He turned his cold stare on her. “You want me to unleash our engines on the Cyclopes?”

“You need not risk any troops…I know they’re just levies, but they’re still soldiers we can ill afford to lose.”

“Yes, there are thousands of them. Now, do you know how many Cyclopes there are?”

She shifted in her saddle a little uncomfortably. “I’m afraid I don’t, no.”

“Neither do I. But there are very few, and they are hard to breed. They’re immortal, did you know that?”

She wished they weren’t having this conversation in earshot of Telmes and the other commanders of the army. She thought she was a little older than Saffrey, but he had a way of talking to her that made her feel like a corporal with her shirt untucked on parade. “I’d heard they were, yes,” she replied.

“It’s true. Immortal creatures, few in number, with the power to destroy armies. They are the foundation of Atlantis’s power, in more ways than you can imagine. Without them, we are merely mainlanders with a little education, and that is a very fragile thing. So you see, commander, even one Cyclops is worth more to me than a thousand conscripts. A million, even. It’s worth more to me than this entire army. I plan to rule this city by the end of the day, and that includes the Cyclops Keepers. How well disposed to me do you think they would be if I’d indiscriminately slaughtered their beasts? And how would I defend myself in future? No. The Cyclopes are not to be harmed.”

Hadrin couldn’t argue with his logic, as hideous as it was. The equation was simple and brutal. Men and women could be replaced easily enough; Cyclopes were a precious resource. And so innocent people would die, without even understanding the monstrous deaths they were being led to. But in the end, it would be worth it. Atlas would be safe, and the rest of Atlantis with it. Life would go on. They would survive. There was just a price to be paid, as always.
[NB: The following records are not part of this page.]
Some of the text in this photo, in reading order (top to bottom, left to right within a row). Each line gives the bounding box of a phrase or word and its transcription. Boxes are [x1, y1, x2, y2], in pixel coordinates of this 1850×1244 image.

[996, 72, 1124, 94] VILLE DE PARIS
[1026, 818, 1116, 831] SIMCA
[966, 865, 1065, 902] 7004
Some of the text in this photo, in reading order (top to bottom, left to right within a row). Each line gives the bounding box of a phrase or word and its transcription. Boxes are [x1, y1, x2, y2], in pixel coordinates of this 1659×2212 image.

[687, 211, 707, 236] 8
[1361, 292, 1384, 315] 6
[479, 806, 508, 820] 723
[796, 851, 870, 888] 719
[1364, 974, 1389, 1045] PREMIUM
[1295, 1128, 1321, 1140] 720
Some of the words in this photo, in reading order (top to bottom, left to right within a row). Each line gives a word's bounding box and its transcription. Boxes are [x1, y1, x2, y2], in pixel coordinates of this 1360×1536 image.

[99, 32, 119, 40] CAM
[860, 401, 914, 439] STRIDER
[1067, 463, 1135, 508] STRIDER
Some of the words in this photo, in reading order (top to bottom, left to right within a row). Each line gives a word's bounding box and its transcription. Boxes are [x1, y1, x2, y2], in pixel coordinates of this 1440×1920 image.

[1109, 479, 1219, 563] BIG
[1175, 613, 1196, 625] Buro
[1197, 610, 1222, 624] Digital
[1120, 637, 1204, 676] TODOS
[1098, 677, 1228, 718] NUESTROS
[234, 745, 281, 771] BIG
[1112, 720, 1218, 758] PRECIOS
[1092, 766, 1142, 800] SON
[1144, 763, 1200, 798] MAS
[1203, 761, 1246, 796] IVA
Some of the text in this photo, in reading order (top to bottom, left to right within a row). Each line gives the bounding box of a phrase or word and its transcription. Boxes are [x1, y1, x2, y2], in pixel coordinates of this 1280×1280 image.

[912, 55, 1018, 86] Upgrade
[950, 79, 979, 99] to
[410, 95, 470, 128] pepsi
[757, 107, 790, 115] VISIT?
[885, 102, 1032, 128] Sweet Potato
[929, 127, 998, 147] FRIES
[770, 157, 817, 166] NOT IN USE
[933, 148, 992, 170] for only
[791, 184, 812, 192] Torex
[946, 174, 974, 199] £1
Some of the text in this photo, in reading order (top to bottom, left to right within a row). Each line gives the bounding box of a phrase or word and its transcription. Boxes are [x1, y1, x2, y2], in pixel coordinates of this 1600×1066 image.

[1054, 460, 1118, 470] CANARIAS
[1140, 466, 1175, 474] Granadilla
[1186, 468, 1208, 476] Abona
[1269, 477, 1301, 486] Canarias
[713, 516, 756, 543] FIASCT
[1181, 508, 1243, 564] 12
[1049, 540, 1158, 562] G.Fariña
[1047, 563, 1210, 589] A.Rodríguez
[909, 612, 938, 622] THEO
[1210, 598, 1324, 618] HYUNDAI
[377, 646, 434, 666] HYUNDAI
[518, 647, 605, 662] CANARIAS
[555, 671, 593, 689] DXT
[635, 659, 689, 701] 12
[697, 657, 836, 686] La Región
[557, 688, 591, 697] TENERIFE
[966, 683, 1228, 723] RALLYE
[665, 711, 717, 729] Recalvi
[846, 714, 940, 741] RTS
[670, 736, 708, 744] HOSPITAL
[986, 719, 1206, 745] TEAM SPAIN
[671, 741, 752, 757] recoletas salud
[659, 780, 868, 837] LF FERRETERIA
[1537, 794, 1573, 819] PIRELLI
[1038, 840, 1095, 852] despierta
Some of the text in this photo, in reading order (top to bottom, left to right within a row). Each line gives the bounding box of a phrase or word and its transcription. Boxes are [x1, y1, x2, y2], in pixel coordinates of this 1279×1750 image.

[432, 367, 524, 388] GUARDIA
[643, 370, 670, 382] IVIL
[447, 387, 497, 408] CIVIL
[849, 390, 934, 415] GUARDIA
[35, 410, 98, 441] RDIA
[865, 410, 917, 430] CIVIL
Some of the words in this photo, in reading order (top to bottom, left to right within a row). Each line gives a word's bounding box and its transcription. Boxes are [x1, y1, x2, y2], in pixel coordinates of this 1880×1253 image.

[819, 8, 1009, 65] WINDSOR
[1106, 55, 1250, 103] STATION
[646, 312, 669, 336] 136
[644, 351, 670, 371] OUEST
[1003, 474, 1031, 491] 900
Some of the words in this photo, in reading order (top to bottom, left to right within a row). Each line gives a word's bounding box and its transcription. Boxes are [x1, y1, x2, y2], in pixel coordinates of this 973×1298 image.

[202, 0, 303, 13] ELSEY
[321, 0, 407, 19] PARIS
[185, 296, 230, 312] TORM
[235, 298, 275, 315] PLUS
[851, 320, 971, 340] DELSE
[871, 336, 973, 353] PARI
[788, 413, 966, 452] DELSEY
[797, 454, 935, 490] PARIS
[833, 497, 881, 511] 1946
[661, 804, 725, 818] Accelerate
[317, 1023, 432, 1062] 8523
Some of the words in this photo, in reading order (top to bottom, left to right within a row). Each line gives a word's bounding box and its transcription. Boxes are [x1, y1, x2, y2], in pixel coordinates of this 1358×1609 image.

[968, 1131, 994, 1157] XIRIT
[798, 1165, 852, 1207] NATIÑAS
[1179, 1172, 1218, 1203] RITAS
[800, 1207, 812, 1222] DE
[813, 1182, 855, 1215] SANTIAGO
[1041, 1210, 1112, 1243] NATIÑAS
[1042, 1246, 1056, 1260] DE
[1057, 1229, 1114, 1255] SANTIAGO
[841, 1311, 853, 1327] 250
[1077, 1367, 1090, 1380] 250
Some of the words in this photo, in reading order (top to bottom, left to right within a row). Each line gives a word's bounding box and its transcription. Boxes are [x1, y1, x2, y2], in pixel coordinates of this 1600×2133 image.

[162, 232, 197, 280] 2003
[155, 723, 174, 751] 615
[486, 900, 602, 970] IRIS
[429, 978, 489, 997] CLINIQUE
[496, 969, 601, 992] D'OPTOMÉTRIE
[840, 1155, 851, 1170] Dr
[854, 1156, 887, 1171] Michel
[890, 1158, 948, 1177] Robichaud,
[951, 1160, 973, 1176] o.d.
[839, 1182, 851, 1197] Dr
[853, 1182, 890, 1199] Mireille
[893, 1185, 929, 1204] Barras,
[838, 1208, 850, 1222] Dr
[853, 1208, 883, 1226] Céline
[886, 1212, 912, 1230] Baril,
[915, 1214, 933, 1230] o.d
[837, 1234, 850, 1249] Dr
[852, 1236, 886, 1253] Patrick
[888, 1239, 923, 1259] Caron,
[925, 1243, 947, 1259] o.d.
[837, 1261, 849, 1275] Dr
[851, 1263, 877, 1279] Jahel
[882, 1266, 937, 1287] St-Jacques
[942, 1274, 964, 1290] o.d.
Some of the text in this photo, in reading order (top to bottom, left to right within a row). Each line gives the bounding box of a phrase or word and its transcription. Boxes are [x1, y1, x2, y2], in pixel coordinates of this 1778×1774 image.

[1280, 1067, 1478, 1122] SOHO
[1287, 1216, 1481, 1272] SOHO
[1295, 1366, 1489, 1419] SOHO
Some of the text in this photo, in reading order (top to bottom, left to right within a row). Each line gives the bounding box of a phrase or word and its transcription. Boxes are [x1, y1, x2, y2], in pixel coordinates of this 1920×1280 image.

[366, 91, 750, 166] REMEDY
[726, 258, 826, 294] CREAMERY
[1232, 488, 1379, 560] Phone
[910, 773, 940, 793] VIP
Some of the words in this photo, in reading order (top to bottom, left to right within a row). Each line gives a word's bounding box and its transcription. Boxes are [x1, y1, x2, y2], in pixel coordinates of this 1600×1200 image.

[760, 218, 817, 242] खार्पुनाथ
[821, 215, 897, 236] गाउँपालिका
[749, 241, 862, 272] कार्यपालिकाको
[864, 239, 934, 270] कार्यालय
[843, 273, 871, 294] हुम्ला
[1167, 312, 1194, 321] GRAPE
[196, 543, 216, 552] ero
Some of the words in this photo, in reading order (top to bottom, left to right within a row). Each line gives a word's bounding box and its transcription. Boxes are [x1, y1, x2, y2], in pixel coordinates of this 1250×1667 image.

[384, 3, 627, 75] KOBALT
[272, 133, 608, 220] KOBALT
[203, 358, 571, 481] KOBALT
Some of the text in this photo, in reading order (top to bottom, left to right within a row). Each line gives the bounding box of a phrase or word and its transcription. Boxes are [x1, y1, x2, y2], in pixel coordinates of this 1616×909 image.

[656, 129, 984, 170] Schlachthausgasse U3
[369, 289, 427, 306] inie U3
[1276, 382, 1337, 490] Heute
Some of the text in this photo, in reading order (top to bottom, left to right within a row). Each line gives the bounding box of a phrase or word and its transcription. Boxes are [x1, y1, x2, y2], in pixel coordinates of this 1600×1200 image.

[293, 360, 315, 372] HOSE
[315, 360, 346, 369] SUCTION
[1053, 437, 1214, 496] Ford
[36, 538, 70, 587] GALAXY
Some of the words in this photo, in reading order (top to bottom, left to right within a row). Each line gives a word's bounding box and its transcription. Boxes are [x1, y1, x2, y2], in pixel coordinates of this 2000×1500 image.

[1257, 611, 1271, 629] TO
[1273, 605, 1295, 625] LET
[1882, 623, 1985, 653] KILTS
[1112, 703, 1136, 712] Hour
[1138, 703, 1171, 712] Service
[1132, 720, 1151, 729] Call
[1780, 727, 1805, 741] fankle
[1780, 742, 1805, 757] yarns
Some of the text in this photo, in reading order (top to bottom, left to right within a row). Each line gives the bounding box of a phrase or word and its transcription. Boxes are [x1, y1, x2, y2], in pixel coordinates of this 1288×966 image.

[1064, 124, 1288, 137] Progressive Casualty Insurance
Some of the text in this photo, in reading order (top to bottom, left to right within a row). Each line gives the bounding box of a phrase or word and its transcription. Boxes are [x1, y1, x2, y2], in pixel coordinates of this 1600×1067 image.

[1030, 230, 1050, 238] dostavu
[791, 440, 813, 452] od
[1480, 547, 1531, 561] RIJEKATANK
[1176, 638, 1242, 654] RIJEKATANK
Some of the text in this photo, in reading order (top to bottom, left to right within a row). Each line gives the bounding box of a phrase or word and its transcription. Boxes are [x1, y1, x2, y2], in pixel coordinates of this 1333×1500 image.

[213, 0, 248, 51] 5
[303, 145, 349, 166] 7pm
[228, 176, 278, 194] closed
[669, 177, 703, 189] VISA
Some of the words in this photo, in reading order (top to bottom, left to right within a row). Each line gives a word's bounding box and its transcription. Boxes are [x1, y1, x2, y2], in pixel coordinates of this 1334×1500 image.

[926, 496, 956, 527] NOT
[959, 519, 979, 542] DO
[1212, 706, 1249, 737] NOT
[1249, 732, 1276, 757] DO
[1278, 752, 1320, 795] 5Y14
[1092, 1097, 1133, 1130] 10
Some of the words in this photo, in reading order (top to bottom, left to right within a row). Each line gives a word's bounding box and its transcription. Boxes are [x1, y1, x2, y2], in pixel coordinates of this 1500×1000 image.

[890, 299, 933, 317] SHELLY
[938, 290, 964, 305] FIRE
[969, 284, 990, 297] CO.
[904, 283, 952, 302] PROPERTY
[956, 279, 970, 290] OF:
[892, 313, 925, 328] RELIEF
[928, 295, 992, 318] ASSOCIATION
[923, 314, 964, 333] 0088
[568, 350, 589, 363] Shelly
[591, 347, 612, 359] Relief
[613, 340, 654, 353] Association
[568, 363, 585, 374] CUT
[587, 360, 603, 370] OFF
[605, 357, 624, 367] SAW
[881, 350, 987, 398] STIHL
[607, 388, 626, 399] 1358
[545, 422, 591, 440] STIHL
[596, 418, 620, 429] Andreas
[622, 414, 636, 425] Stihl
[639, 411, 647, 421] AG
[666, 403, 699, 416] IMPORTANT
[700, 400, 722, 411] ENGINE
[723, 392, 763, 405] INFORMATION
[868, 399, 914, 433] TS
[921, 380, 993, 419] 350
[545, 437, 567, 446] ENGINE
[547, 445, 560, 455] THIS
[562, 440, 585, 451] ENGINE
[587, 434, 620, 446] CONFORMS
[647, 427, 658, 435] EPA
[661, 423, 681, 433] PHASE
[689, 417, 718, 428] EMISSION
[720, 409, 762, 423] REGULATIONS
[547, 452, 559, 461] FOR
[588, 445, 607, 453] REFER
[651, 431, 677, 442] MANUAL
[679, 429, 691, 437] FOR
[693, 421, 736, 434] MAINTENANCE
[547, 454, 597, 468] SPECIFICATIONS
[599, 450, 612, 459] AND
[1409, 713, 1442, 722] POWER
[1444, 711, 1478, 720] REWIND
And if a price must be paid, she owed it to those whose lives were their stake in this horrific bargain to at least see the deed done. She lifted her spyglass to her eye and watched with mounting trepidation the unruly line of badly-armed peasants march towards the slums. She couldn’t see their faces. Were they proud? Scared? Slack-jawed and ignorant of the consequences, even reasons, for this conflict in which they were now embroiled? It was useless thinking about it. The front rank had just reached the line of wooden hovels. They were moving down the east road, the one that led all the way up into the Gap of Hephaestus and hence onto Chronus, but in their direction only deeper into Atlas, to the East Gate and then the Enclave. There was no strict border of the city, just a place where sheds and sprawling freeholds turned into actual houses, such as they were. They would find themselves surrounded by the shanty town, and their only protection against the wrath of the Cyclopes would be the jumbled lines of sight. Not good odds, even in such a densely-packed slum. She scanned the twisting streets – really just muddy gaps between ramshackle buildings – for a sign of any of the monsters. When it happened, she would refuse to look away.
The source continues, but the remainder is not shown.